» **PROMPT**: Output the entries that follow character for character. Leave every image out.

[Free-text object descriptions]
-- Opening Marker --
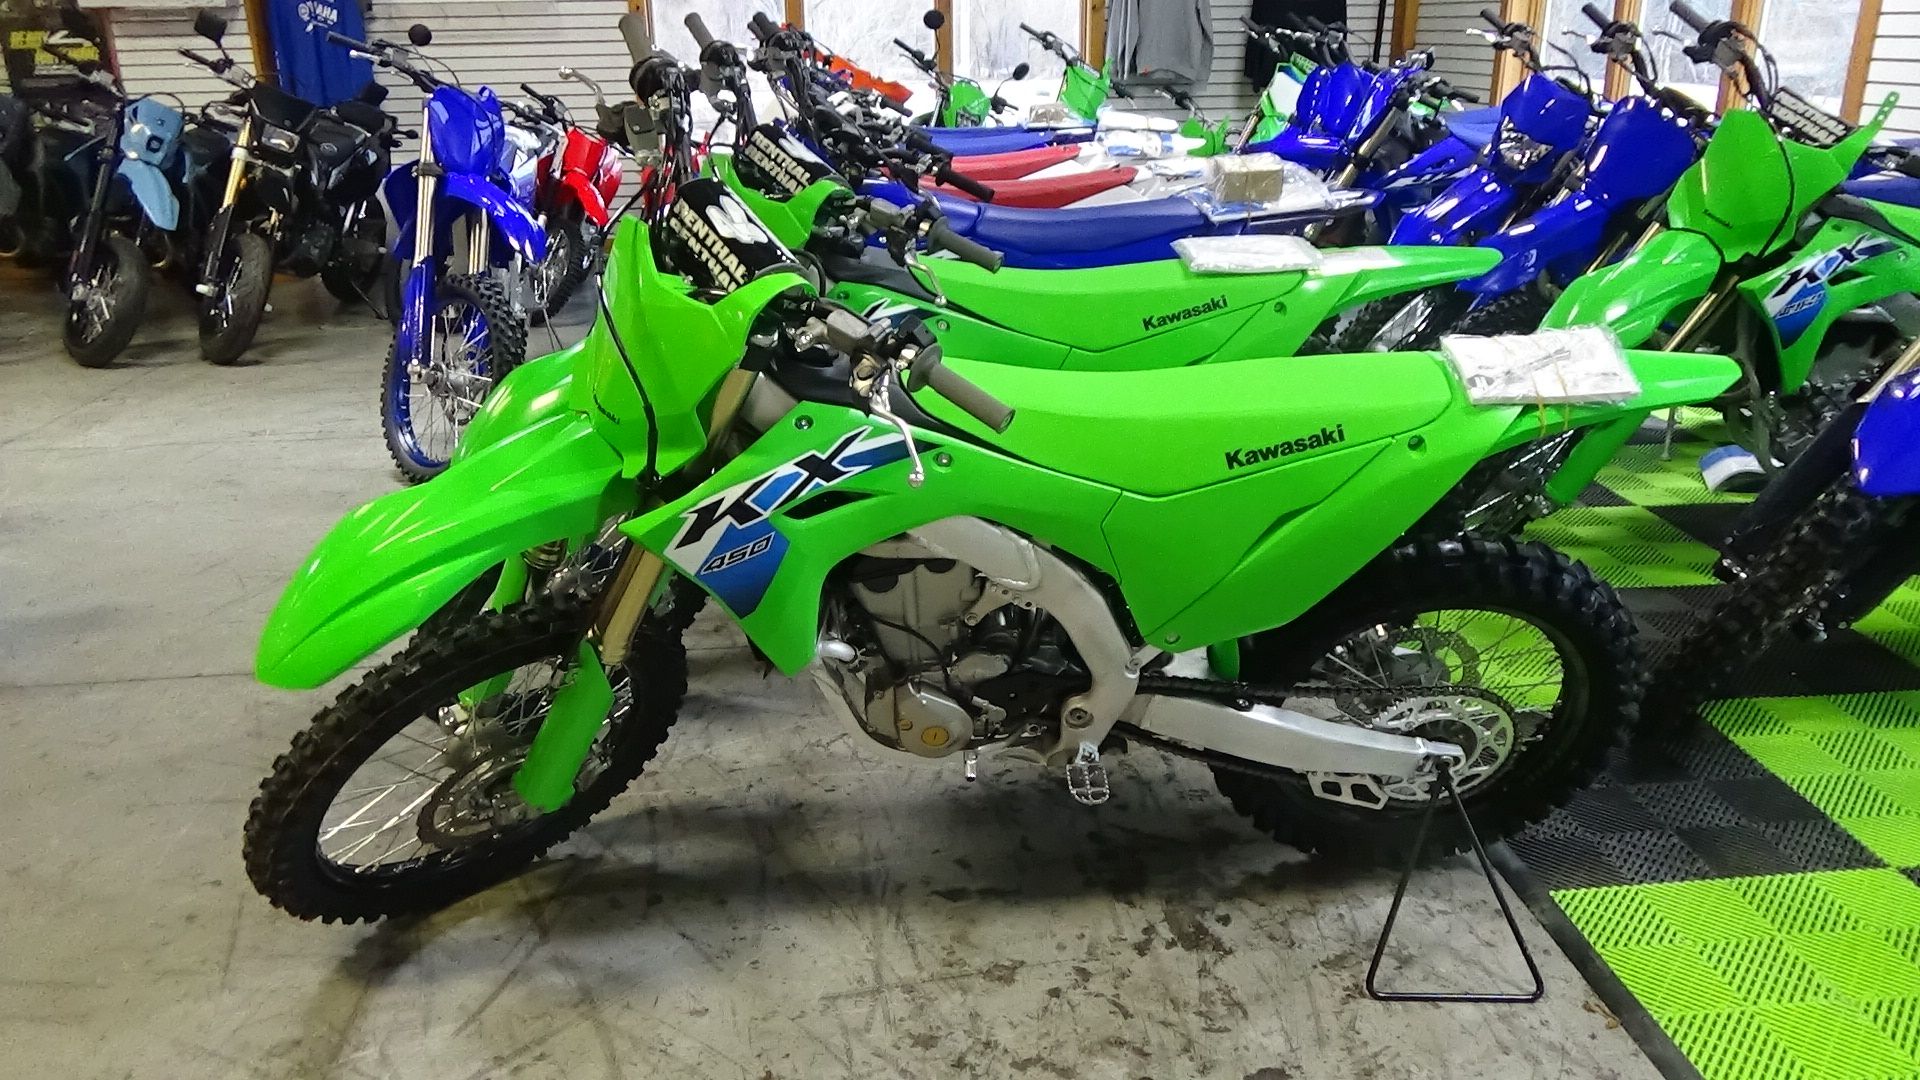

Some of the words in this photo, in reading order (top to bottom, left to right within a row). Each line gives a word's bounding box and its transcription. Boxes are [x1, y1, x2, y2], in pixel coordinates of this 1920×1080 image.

[673, 198, 747, 285] RENTHAL
[1142, 294, 1228, 331] Kawasaki
[1225, 423, 1346, 470] Kawasaki
[674, 426, 872, 550] KX
[701, 531, 776, 576] 450
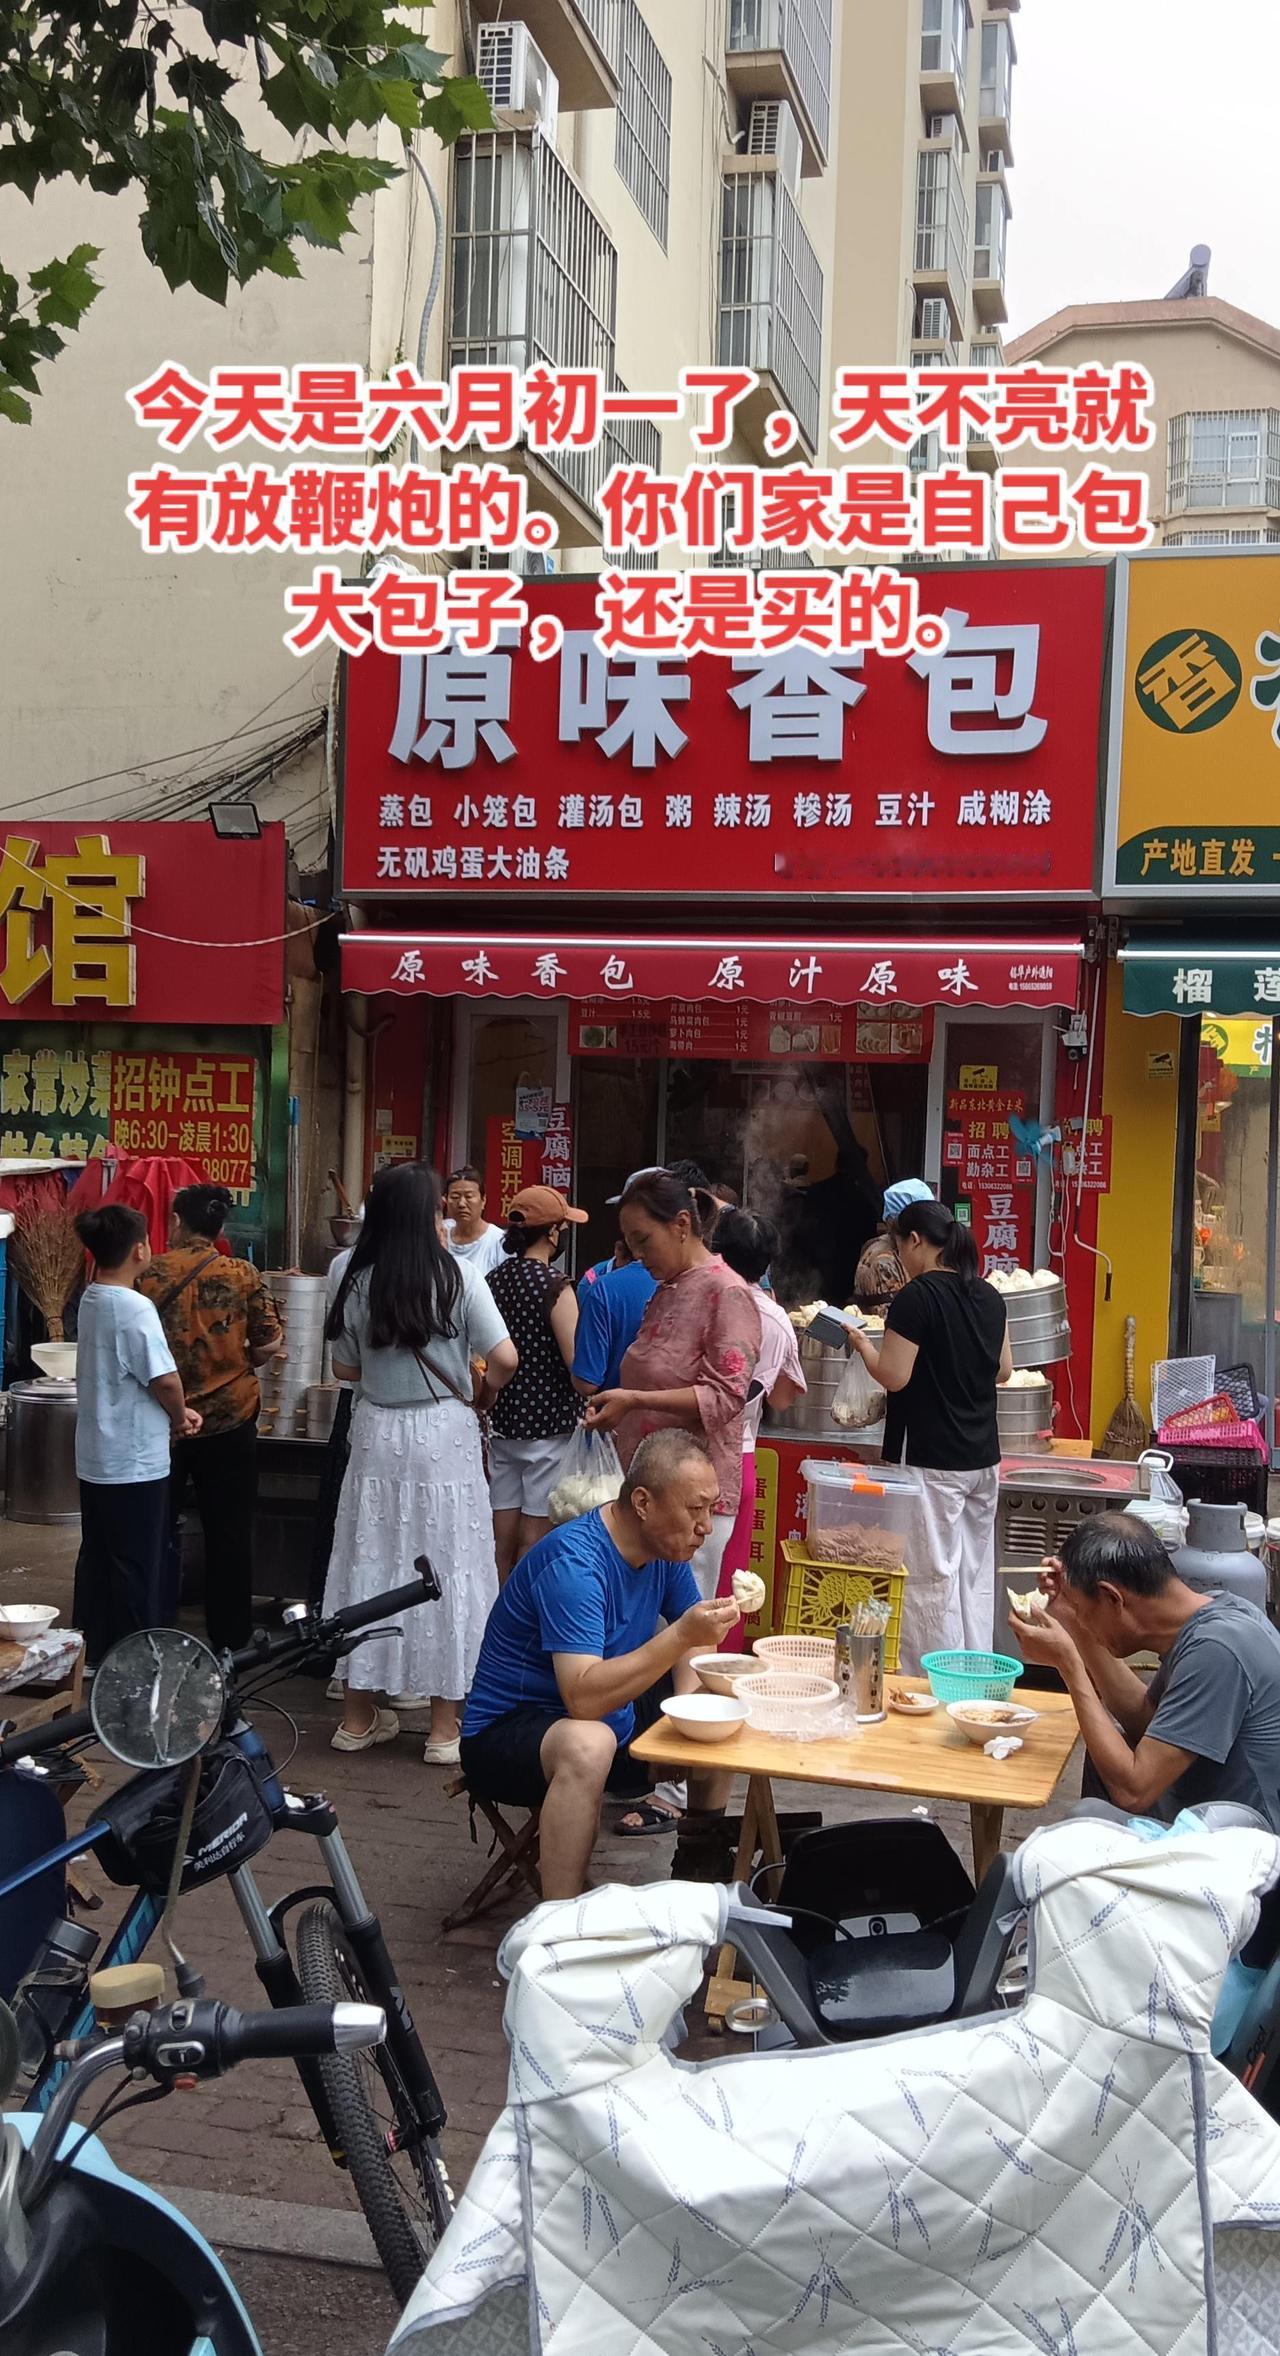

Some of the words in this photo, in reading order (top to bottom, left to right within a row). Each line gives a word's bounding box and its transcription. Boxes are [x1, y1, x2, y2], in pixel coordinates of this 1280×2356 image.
-- Closing Marker --
» **RESPONSE TO THE TASK**:
Some of the words in this photo, in reading order (top to bottom, left to right within a row). Each line gives a word's bounding box and its transcription. Boxes are [x1, y1, x2, y2], in pixel coordinates of this 1920×1080 image.

[673, 198, 747, 285] RENTHAL
[1142, 294, 1228, 331] Kawasaki
[1225, 423, 1346, 470] Kawasaki
[674, 426, 872, 550] KX
[701, 531, 776, 576] 450

Some of the words in this photo, in reading order (top to bottom, left to right within a row). Each line gives a word's bounding box and its transcription. Boxes are [x1, y1, x2, y2], in pixel coordinates of this 1280×2356 image.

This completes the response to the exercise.